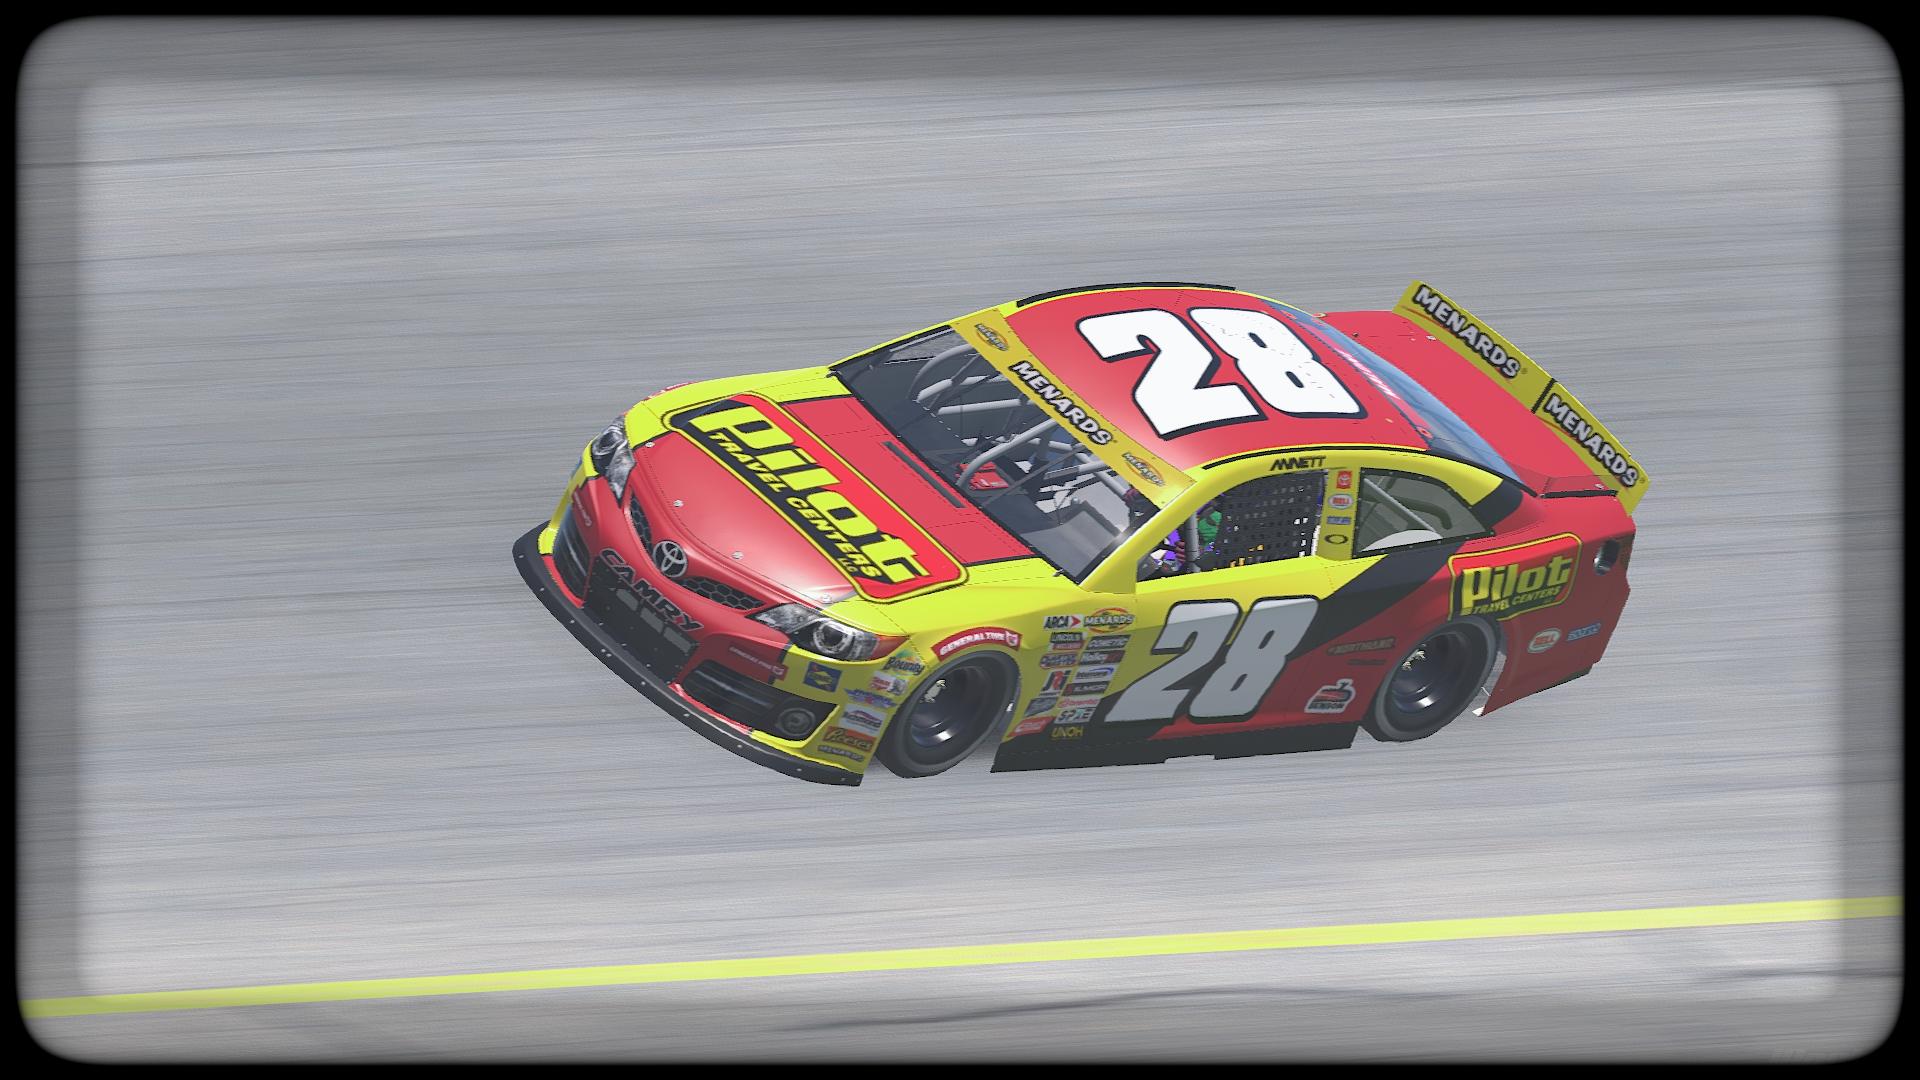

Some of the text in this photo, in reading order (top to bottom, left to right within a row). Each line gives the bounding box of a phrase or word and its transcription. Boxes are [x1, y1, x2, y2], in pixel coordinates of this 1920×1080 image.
==
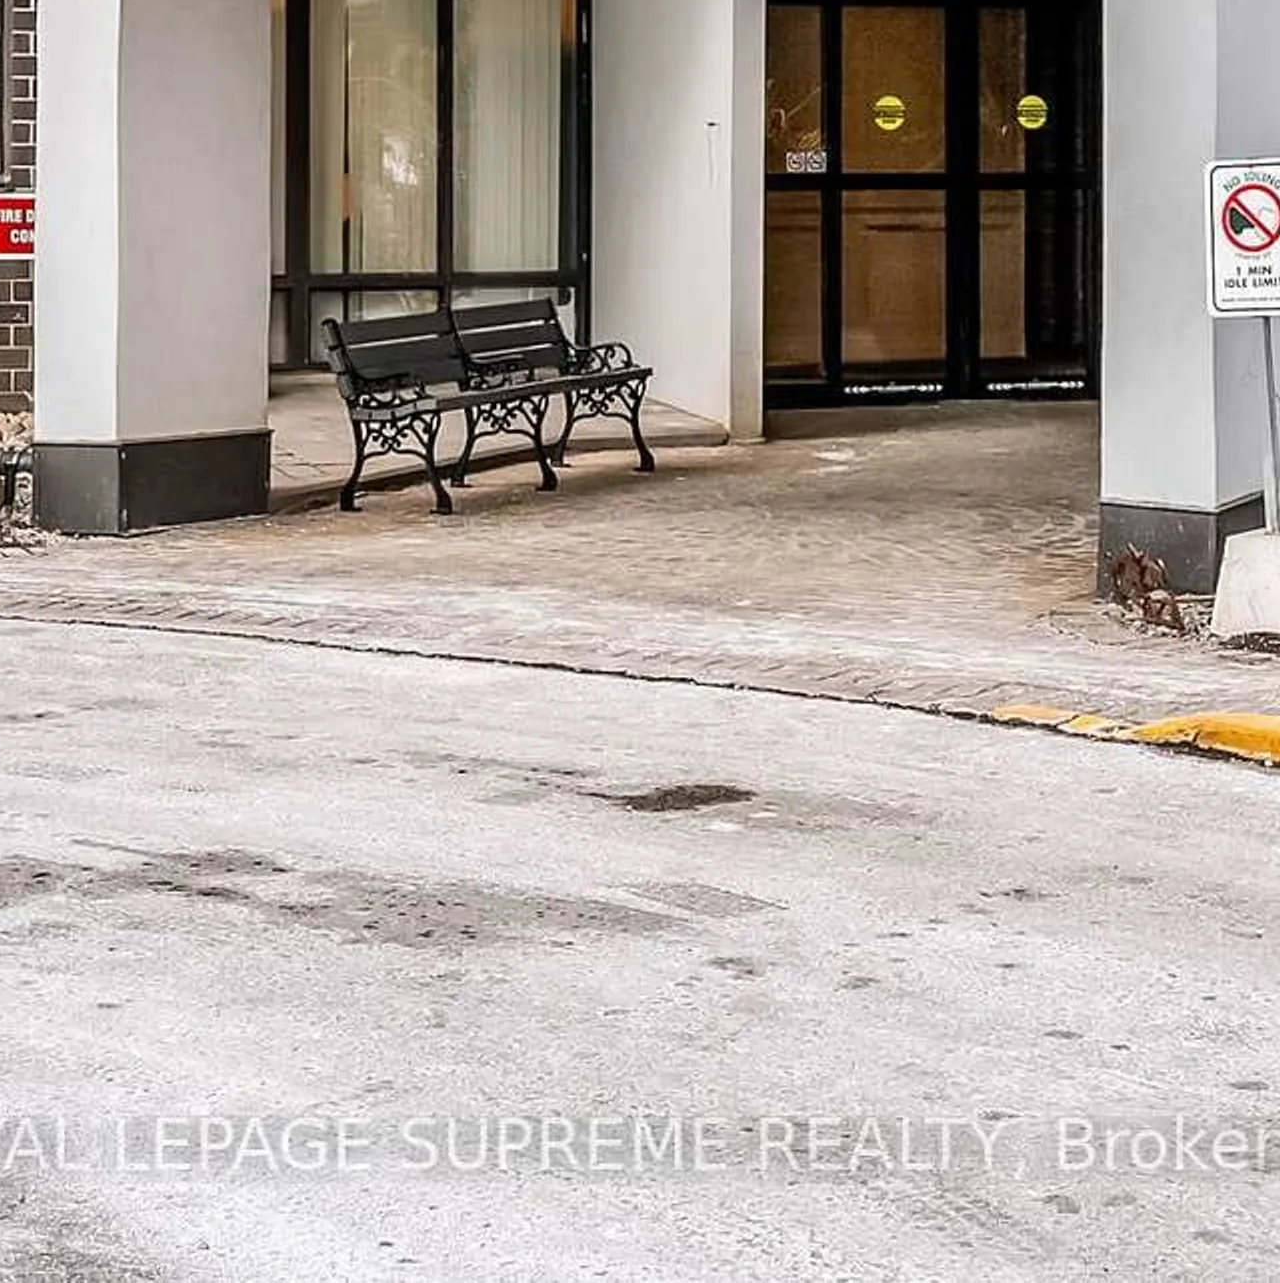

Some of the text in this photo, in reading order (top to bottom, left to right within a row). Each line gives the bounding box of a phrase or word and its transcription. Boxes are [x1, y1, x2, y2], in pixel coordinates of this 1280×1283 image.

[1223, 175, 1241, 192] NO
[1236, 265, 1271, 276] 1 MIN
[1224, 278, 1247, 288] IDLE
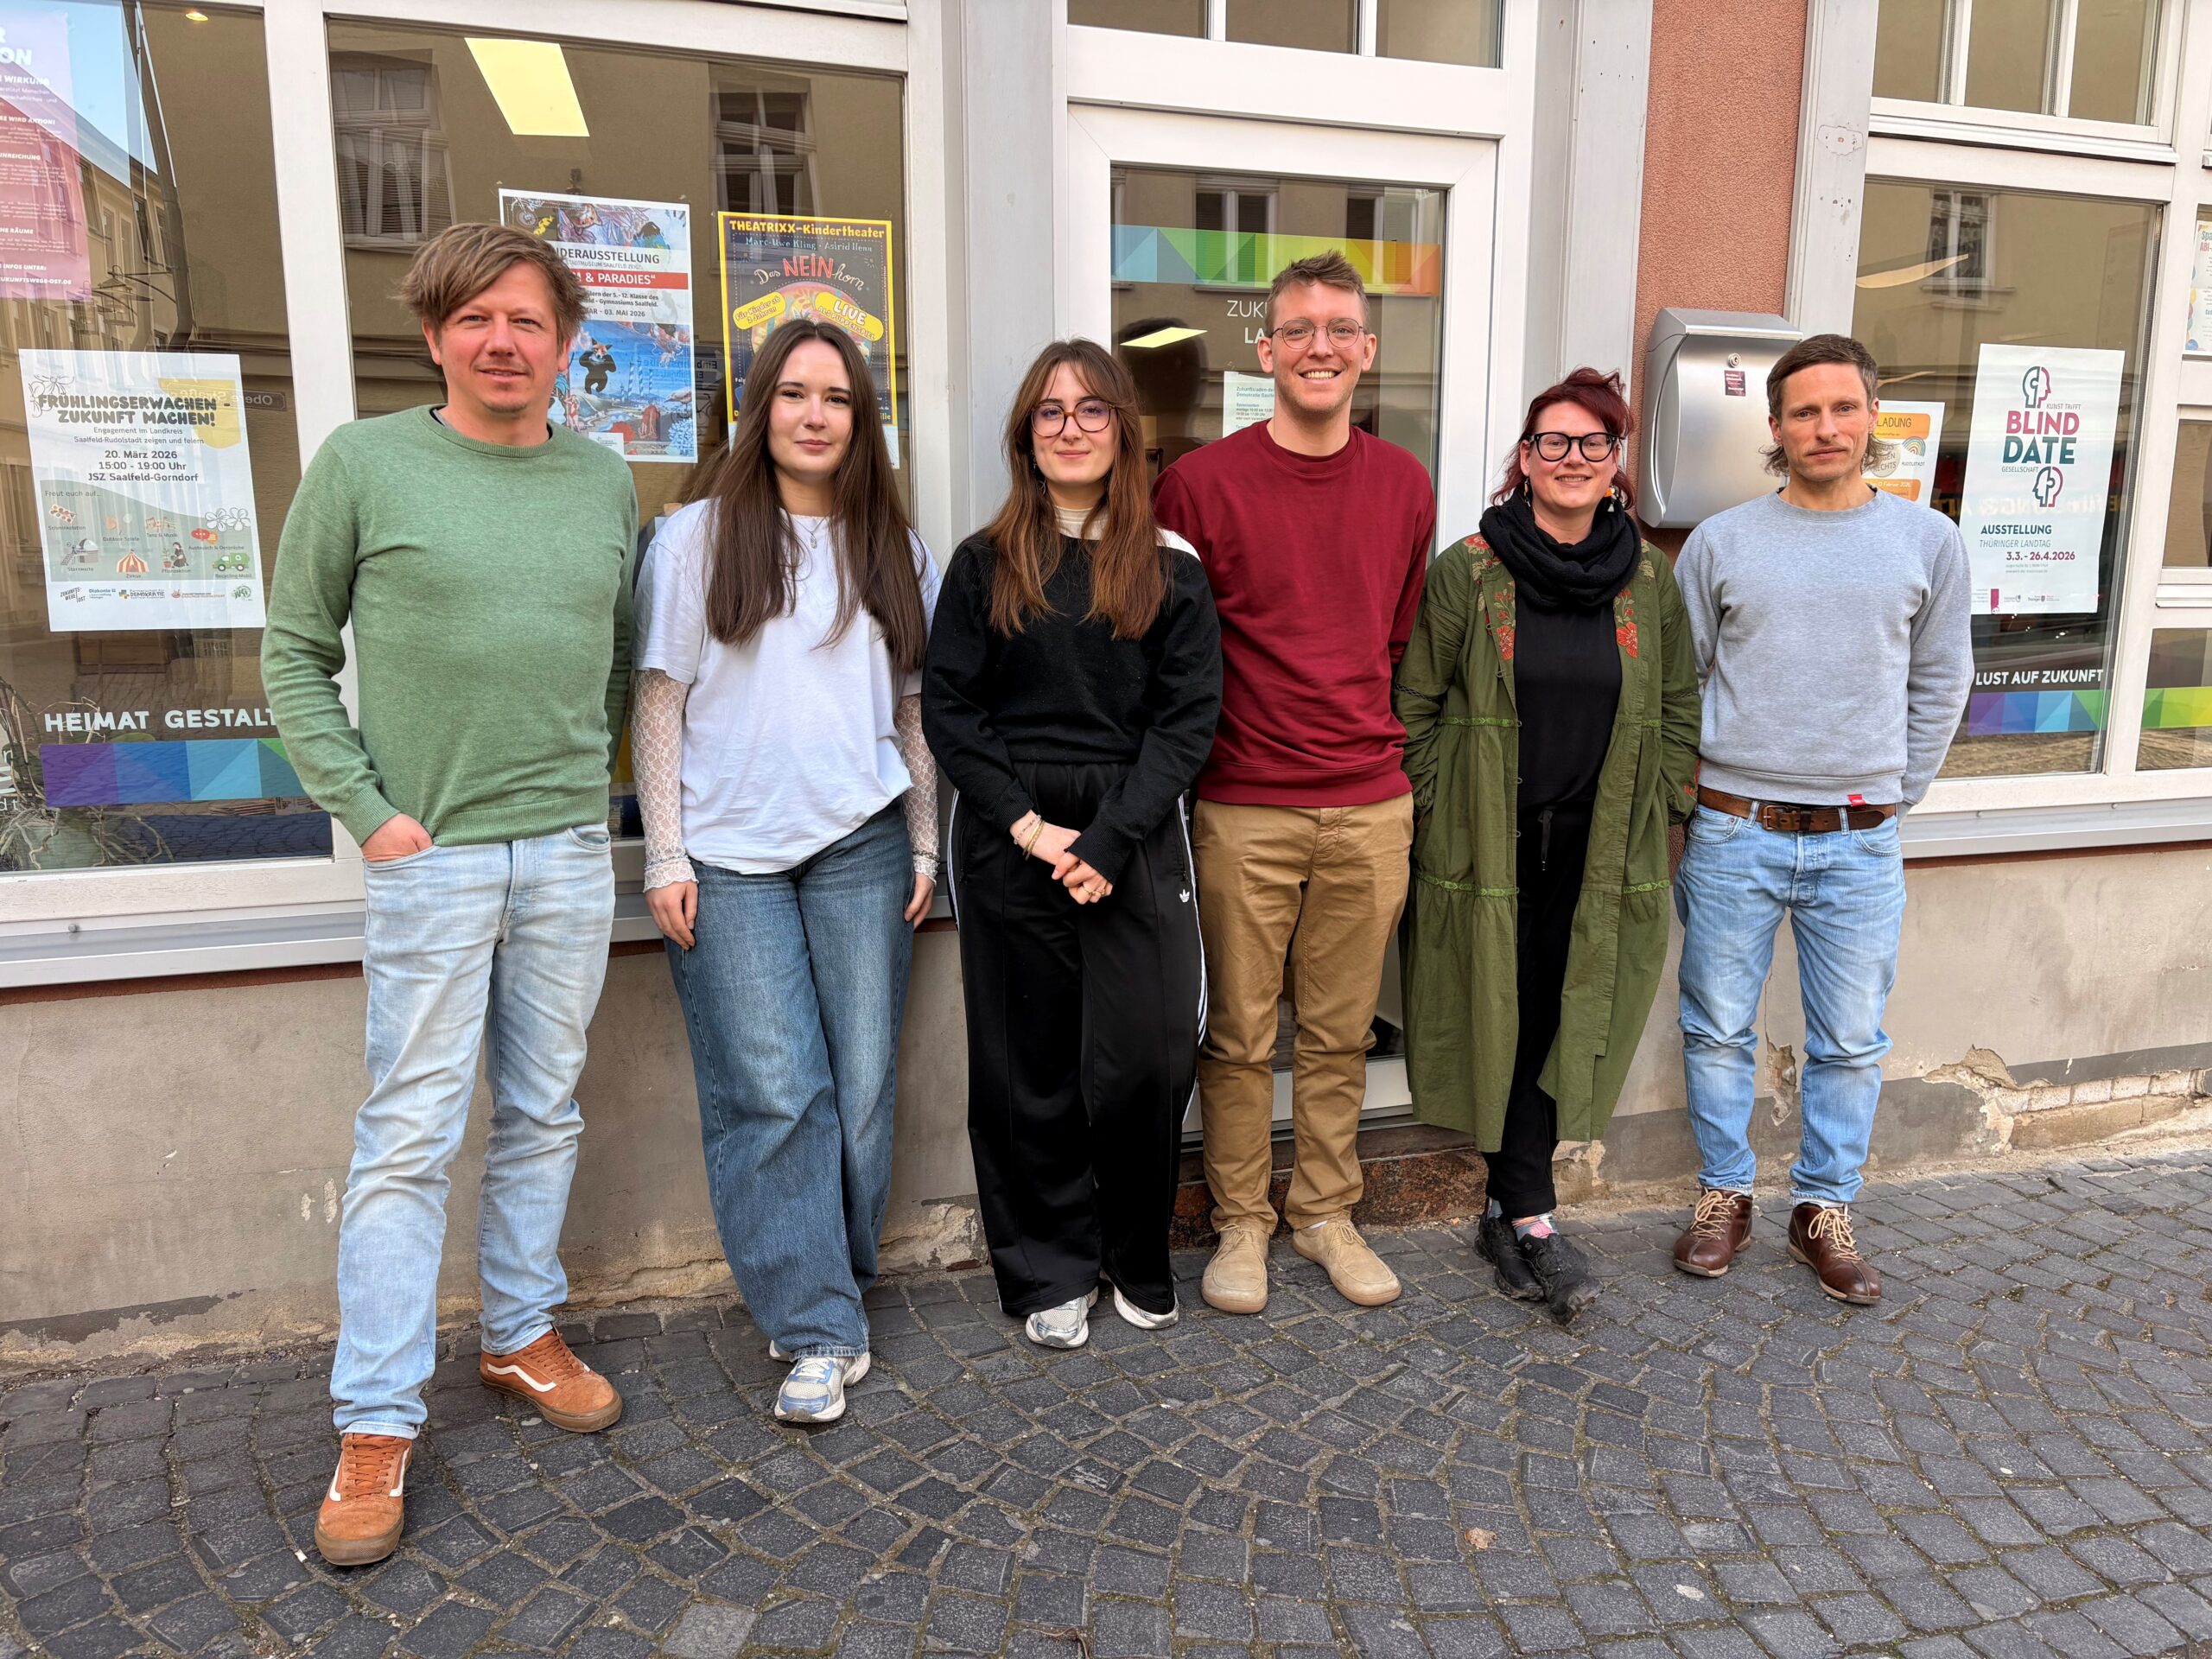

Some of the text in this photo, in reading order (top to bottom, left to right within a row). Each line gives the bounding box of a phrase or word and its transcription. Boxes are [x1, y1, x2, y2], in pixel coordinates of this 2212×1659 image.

* _Activity_
Within the material above, find the part that opens with the line containing "this 1280×1283 image." and closes with the line containing "this 2212×1659 image.", and reproduce it exactly without the pictures.

* _Answer space_
Some of the text in this photo, in reading order (top to bottom, left to right within a row). Each line gives the bounding box of a phrase or word and its transcription. Boxes are [x1, y1, x2, y2], in pixel coordinates of this 1280×1283 image.

[1223, 175, 1241, 192] NO
[1236, 265, 1271, 276] 1 MIN
[1224, 278, 1247, 288] IDLE

Some of the text in this photo, in reading order (top to bottom, left to right within a row). Each line gives the bounding box of a phrase or word and its transcription. Boxes are [x1, y1, x2, y2], in pixel coordinates of this 2212×1659 image.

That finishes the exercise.